A growing and disturbing trend appears to be lawsuits in which the plaintiffs are alleging that some of the top companies in the animal protein industry are conspiring with one another in order to manipulate prices and raise the costs at the retail level.

Just recently, one such suit was filed against the leading pork companies in the United States on behalf of a group of consumers, and a day or two later, another suit was filed against some of the top poultry companies in the nation on behalf of three major grocery retailers.

Tyson Foods was targeted in both suits, and in a statement, denied what it has been accused of doing. “Tyson Foods competes with integrity every day in every market. We welcome vigorous competition which makes us a better company and enhances the quality of our products. We are disappointed by the recent cases involving pork filed by the purported consumer classes and by the recent case regarding broiler chickens filed by our customer. Lawsuits like these do not benefit consumers, but only work to enrich opportunistic plaintiff attorneys. We’re determined to defend against these claims,” the company stated.

I cannot disagree with Tyson’s statement.

Suits similar to the two most recent ones have been filed. Key in my mind was one targeting some of the country’s top egg companies. In a court decision reached in June, a jury determined that  Rose Acre Farms, R.W. Sauder and Ohio Fresh Eggs had not taken part in any collusion. But those three companies certainly racked up pretty sizable legal bills, while other companies reached costly settlements, not to admit guilt but rather to avoid the hassles and expenses of legal defense.

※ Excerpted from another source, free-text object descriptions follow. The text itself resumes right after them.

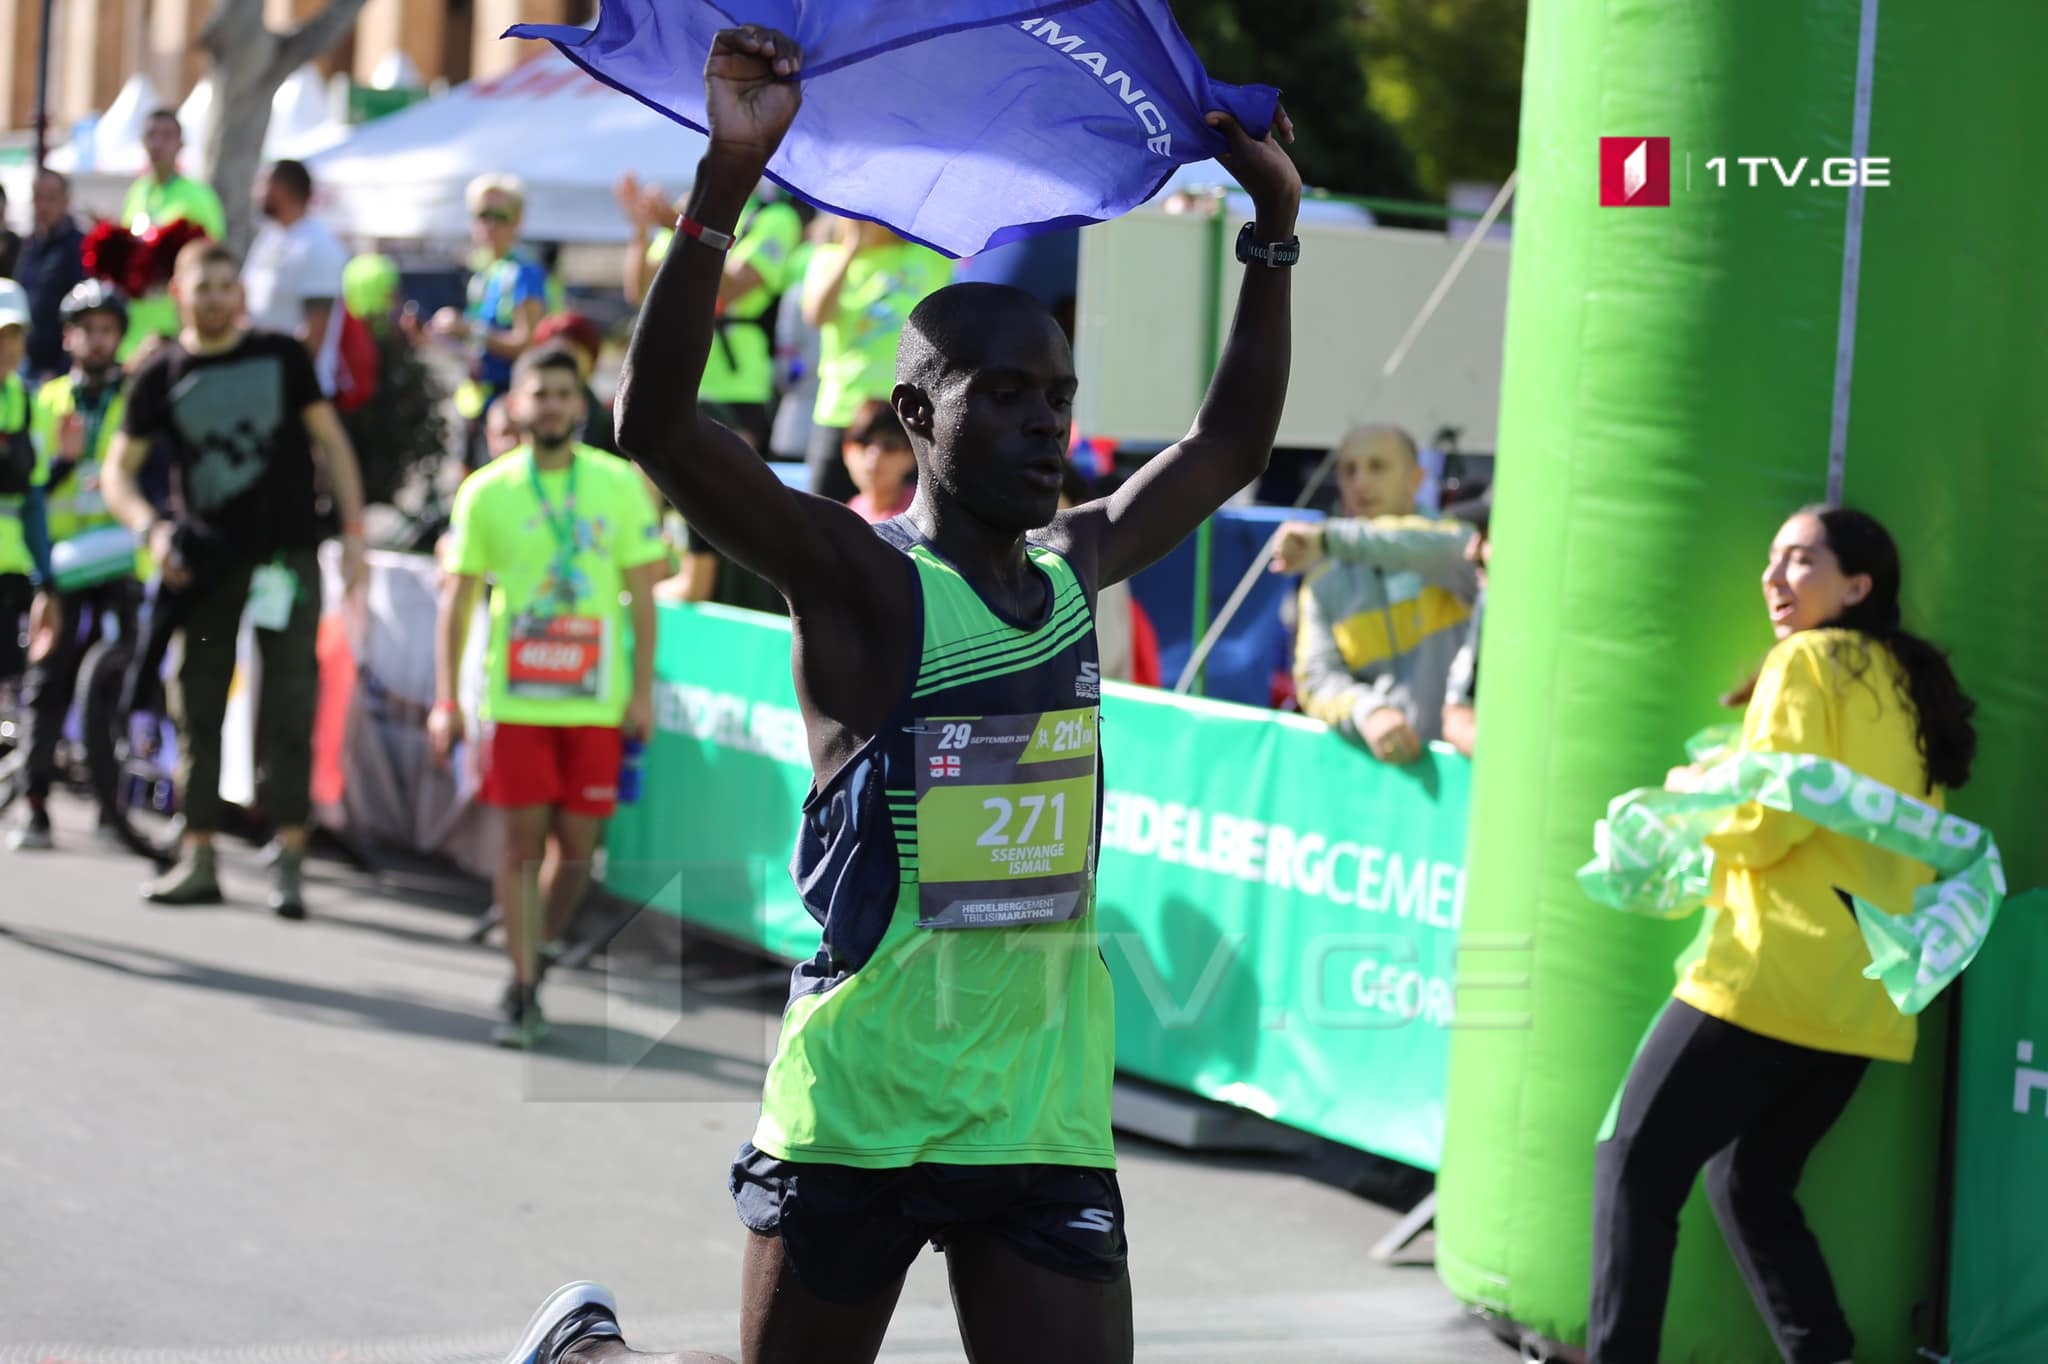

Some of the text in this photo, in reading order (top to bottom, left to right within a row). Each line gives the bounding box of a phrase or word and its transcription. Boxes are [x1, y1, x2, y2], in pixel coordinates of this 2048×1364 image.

[938, 723, 972, 750] 29
[970, 734, 1015, 745] SEPTEMBER
[976, 792, 1065, 846] 271
[991, 843, 1065, 863] SSENYANGE
[1008, 858, 1053, 875] ISMAIL
[961, 899, 1054, 914] HEIDELBERGCEMENT
[962, 908, 1054, 924] TBILISIMARATHON

Fieldale Farms, also reached a settlement in one of the suits against top broiler companies, for similar reasons certain egg companies decided to settle.

The problem: Grocers involved in lawsuits

Regardless of whether a company decides to settle or defend itself in a court, lawsuits like these are costly to a company and are an added distraction that detract attention away from producing food for the consumers.

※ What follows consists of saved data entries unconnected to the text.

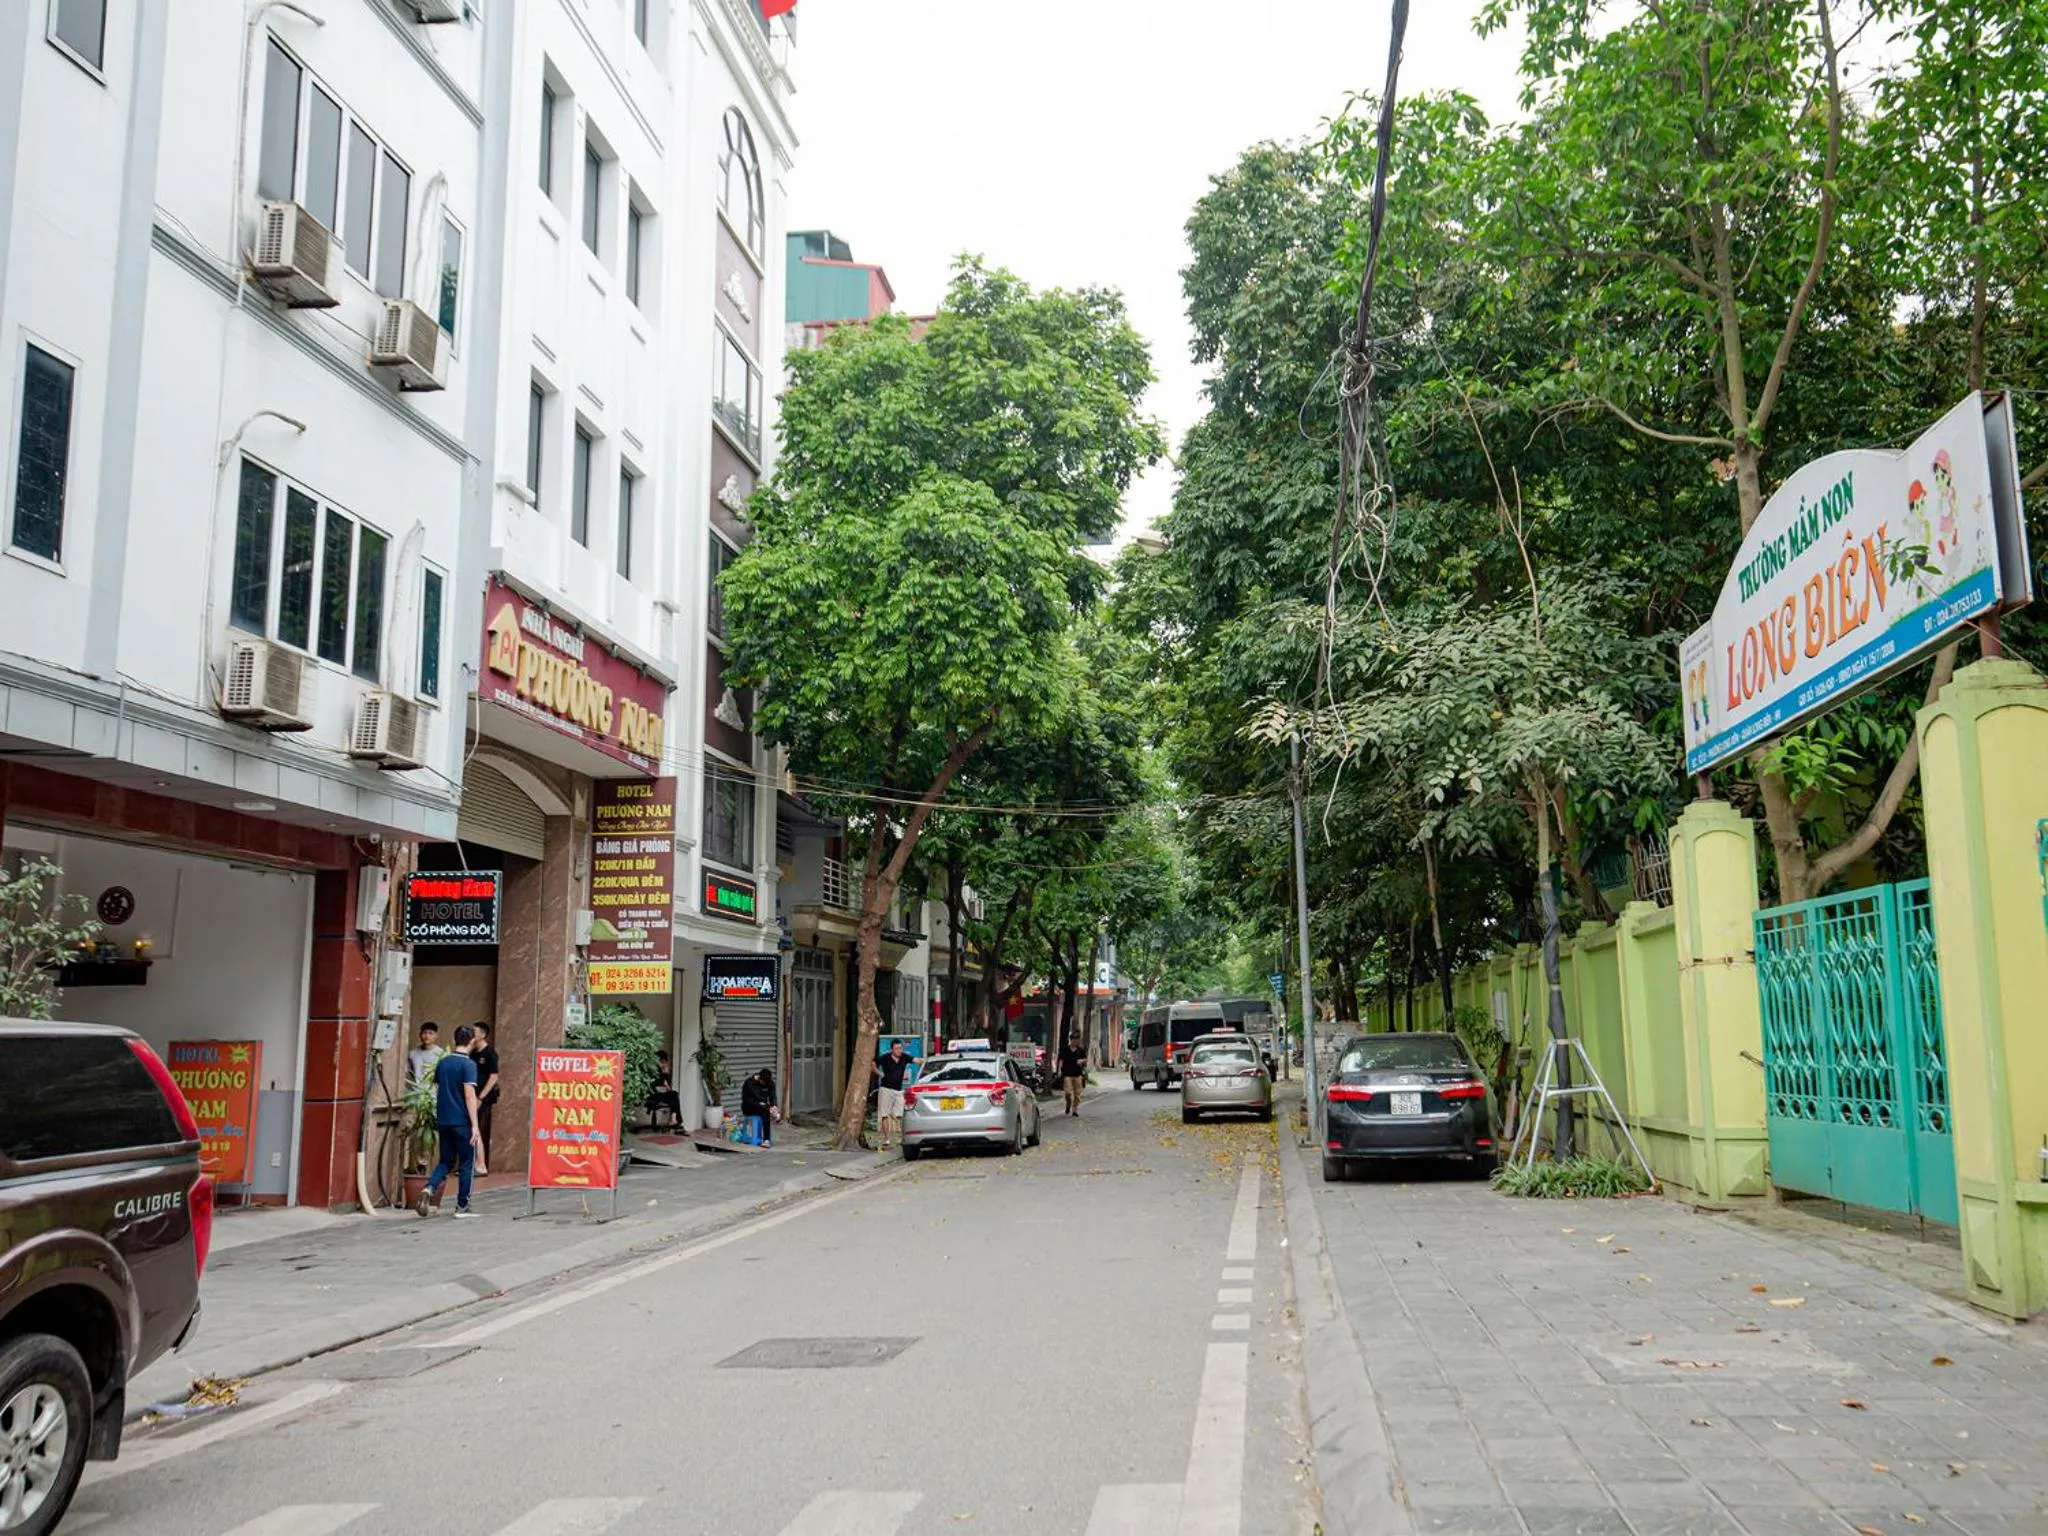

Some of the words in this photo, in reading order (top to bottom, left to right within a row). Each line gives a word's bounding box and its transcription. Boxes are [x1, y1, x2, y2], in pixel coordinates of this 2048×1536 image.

[1737, 534, 1788, 604] TRƯỜNG
[1788, 495, 1820, 562] MẦM
[1820, 470, 1855, 533] NON
[521, 605, 552, 643] NHÀ
[1726, 592, 1797, 712] LONG
[1803, 520, 1888, 659] BIÊN
[619, 697, 665, 761] NAM
[617, 785, 653, 798] HOTEL
[597, 803, 643, 818] PHƯƠNG
[645, 804, 672, 817] NAM
[596, 837, 621, 854] BẢNG
[622, 838, 638, 853] GIÁ
[639, 837, 671, 853] PHÒNG
[593, 876, 640, 888] 220K/QUA
[641, 873, 664, 887] ĐÊM
[648, 891, 670, 905] ĐÊM
[421, 903, 484, 920] HOTEL
[410, 923, 428, 936] CÓ
[429, 923, 468, 935] PHÒNG
[470, 923, 490, 935] ĐÔI
[605, 968, 620, 979] 024
[638, 981, 648, 991] 19
[650, 981, 666, 990] 111
[175, 1047, 222, 1063] HOTEL
[540, 1056, 591, 1072] HOTEL
[172, 1067, 246, 1089] PHƯƠNG
[537, 1080, 613, 1101] PHƯƠNG
[553, 1107, 595, 1126] NAM
[114, 1192, 182, 1218] CALIBRE

It is somewhat comprehensible that some consumers might just want easy money that comes from one of these lawsuits with little concern for those to whom the expense comes. It is not comprehensible that grocery chains would do the same.

Sure, retailers want to get the best deal from the suppliers with which they do business. But to jump in on copycat litigation that typically only results in settlements and not verdicts does not appear to be good business.

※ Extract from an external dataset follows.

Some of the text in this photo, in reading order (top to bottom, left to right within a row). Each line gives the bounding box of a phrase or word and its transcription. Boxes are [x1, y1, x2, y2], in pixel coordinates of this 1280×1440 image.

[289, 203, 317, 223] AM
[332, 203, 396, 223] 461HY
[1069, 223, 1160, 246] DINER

But that is what Kroger, Albersons Companies and Hy-Vee did in the latest lawsuit against the leading broiler companies, and what Winn-Dixie and Bi-Lo did in a similar suit filed in January.

The solution: Don’t patronize litigious stores

While I am not a juror, I don’t feel like these plaintiff companies are entitled to a dime. Not from the companies in which they are suing, and not from consumers who support animal agriculture.

Boycotting said businesses, or at least reducing your patronage of them, seems like a good solution. And along with shopping elsewhere, write to said companies to let them know that is what you are doing and why.

There are situations in which there is no better way to vote than through the wallet, and this seems to be one of those situations.